Essai Opel Mokka - Le grand cru d’Opel
2013 sera sans aucun doute l’année du SUV compact. En attendant les deux futures stars Peugeot 2008 et Renault Captur, Opel avec son Mokka est un des premiers généralistes à dégainer sur ce créneau qui fait saliver tous les constructeurs et où Nissan fait figure de cible prioritaire avec près de 40 000 ventes (Juke + Qashqai) en France depuis le début de l’année.

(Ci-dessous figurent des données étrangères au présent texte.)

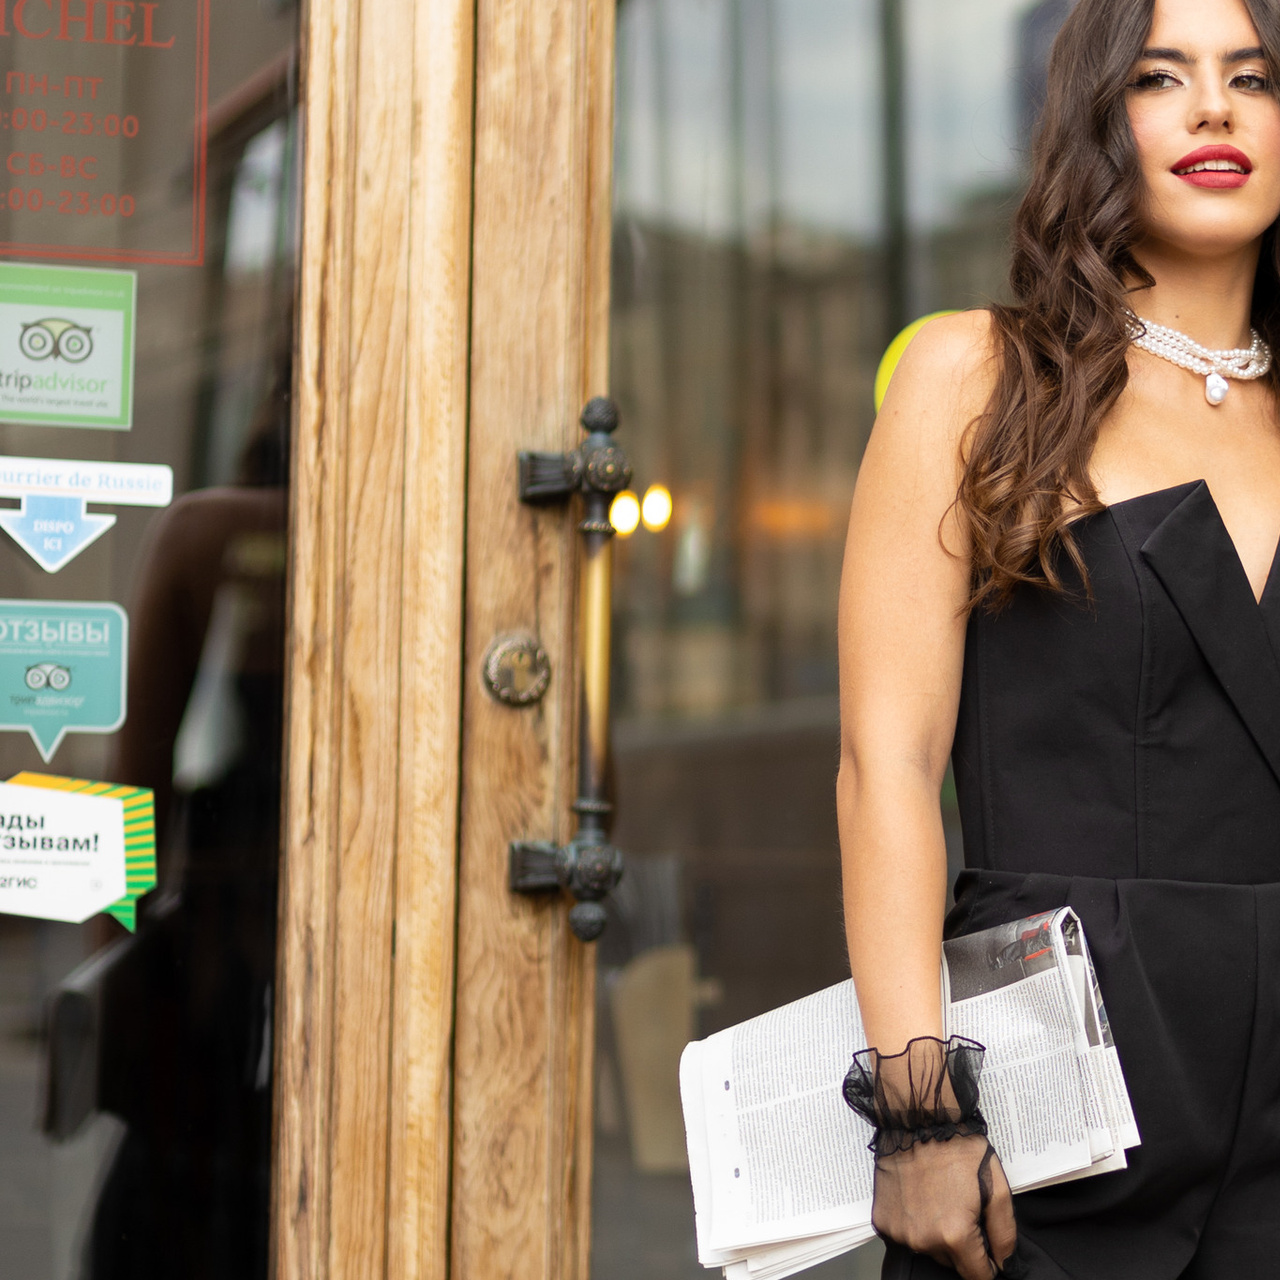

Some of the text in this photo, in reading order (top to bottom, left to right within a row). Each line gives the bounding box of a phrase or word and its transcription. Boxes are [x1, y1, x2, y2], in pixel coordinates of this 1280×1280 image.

[6, 71, 103, 99] ПН-ПТ
[6, 152, 98, 180] СБ-ВС
[68, 471, 91, 487] de
[98, 473, 163, 491] Russie
[33, 520, 74, 534] DISPO
[43, 537, 62, 551] ICI
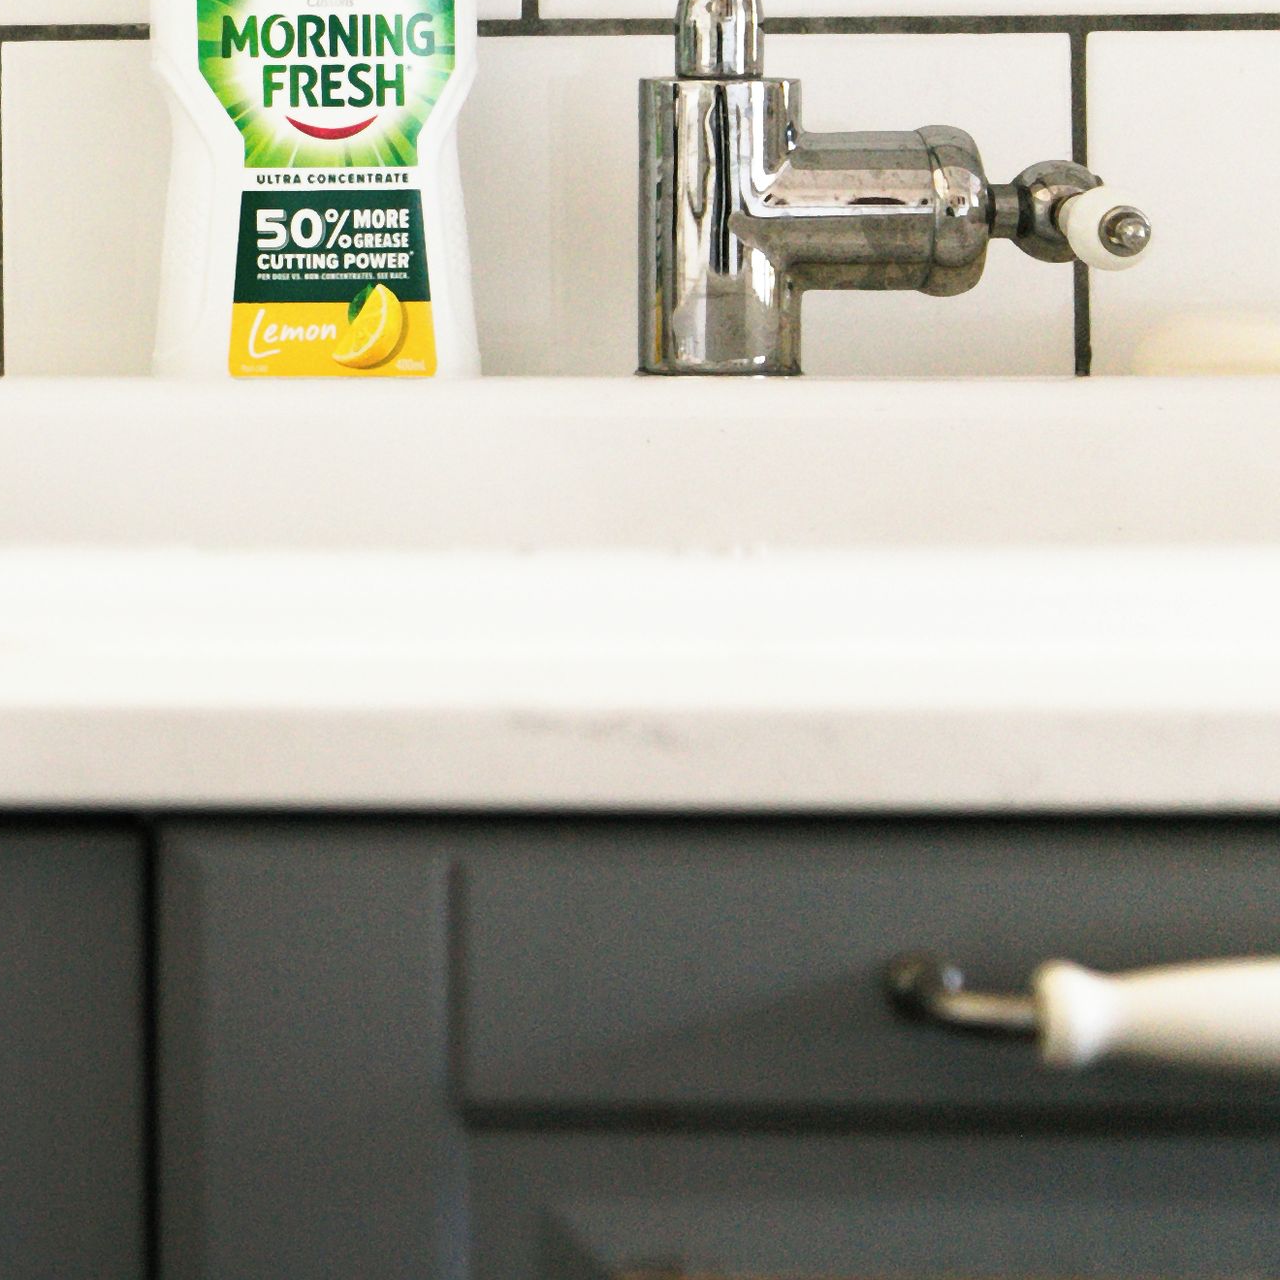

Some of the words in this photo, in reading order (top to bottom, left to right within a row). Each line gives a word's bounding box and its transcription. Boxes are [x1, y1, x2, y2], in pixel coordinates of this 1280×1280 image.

[222, 13, 435, 58] MORNING
[263, 63, 404, 107] FRESH
[257, 174, 301, 184] ULTRA
[307, 173, 409, 184] CONCENTRATE
[256, 208, 352, 250] 50%
[353, 209, 410, 229] MORE
[353, 233, 410, 248] GREASE
[257, 254, 339, 270] CUTTING
[256, 272, 271, 280] PER
[248, 308, 337, 359] Lemon
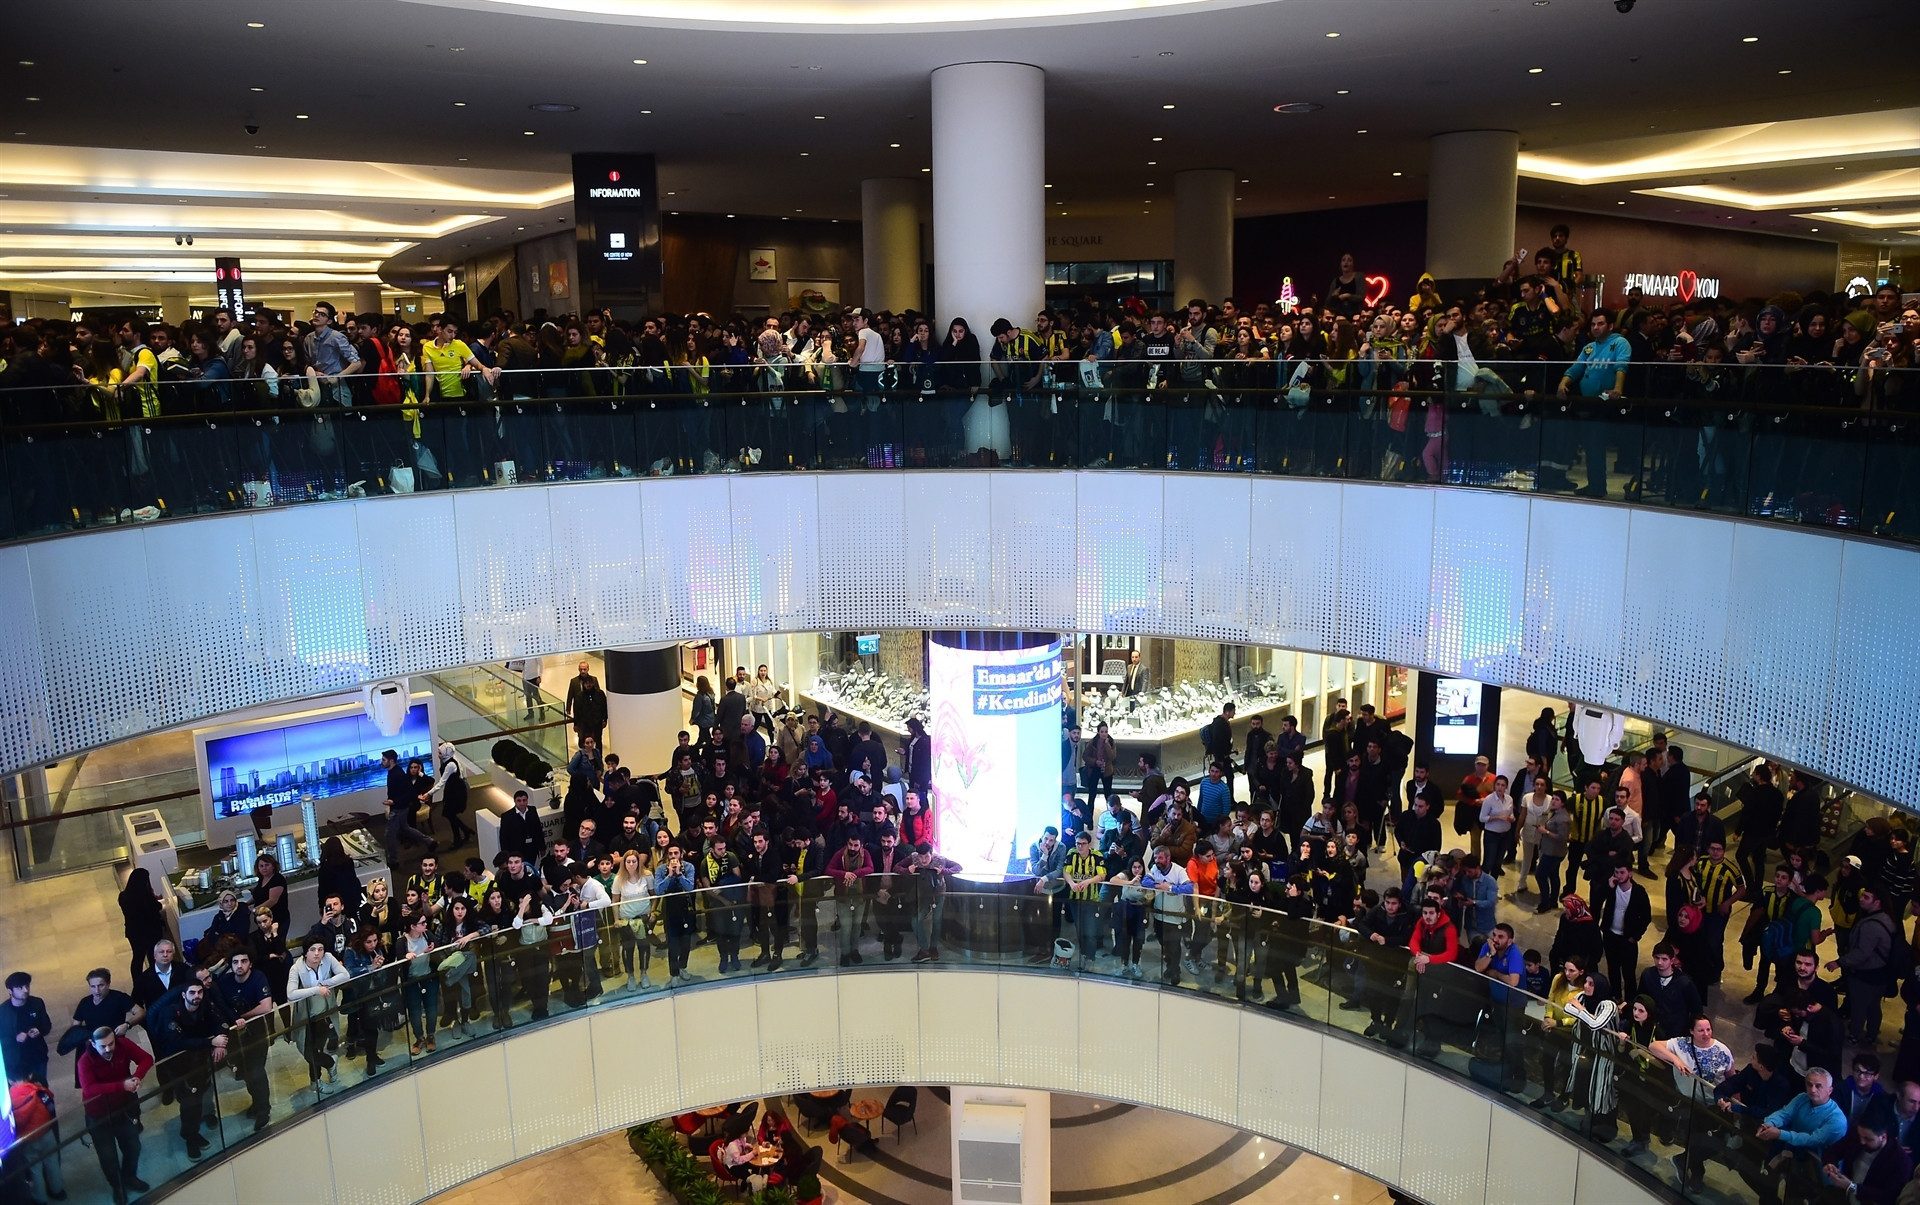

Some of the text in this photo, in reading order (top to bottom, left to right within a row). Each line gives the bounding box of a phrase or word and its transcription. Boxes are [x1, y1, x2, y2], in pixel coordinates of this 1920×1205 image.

[590, 188, 641, 198] INFORMATION
[1061, 235, 1103, 247] SQUARE
[1623, 272, 1720, 299] #EMAAR YOU
[232, 288, 245, 323] INFORM
[1149, 347, 1167, 355] BE REAL
[976, 665, 1050, 686] Emaar'da
[230, 788, 299, 807] Dubai Creek
[231, 795, 292, 813] HARBOUR

Malgré ses difficultés financières, Opel ne manque pas d’idées et s’apprête à investir deux segments porteurs, celui des citadines chic avec l’Adam et celui des crossovers compacts avec le Mokka. En plus de faire des volumes, l’objectif est bien entendu de donner un petit coup de jeune à une gamme un peu triste. Avec le Mokka le pari est déjà gagné puisque le petit dernier - 4,28 m en longueur tout de même ce qui le place entre un Juke (4,14 m) et un Qashqai (4,32 m) - a fière allure. Silhouette ramassée sur l’avant, épaules larges renforcées par des jantes de 18 pouces (en série), face avant de caractère, le Mokka mise à la fois sur son look de baroudeur et sur un positionnement hybride : pas tout à fait compact, pas tout à fait citadin. Le Mokka aurait-il le format idéal ? Seules les ventes le diront mais cette stratégie n’est pas une première chez Opel puisque le Meriva a lui aussi le séant entre deux chaises, d’un côté les minispaces et de l’autre les monospaces compacts.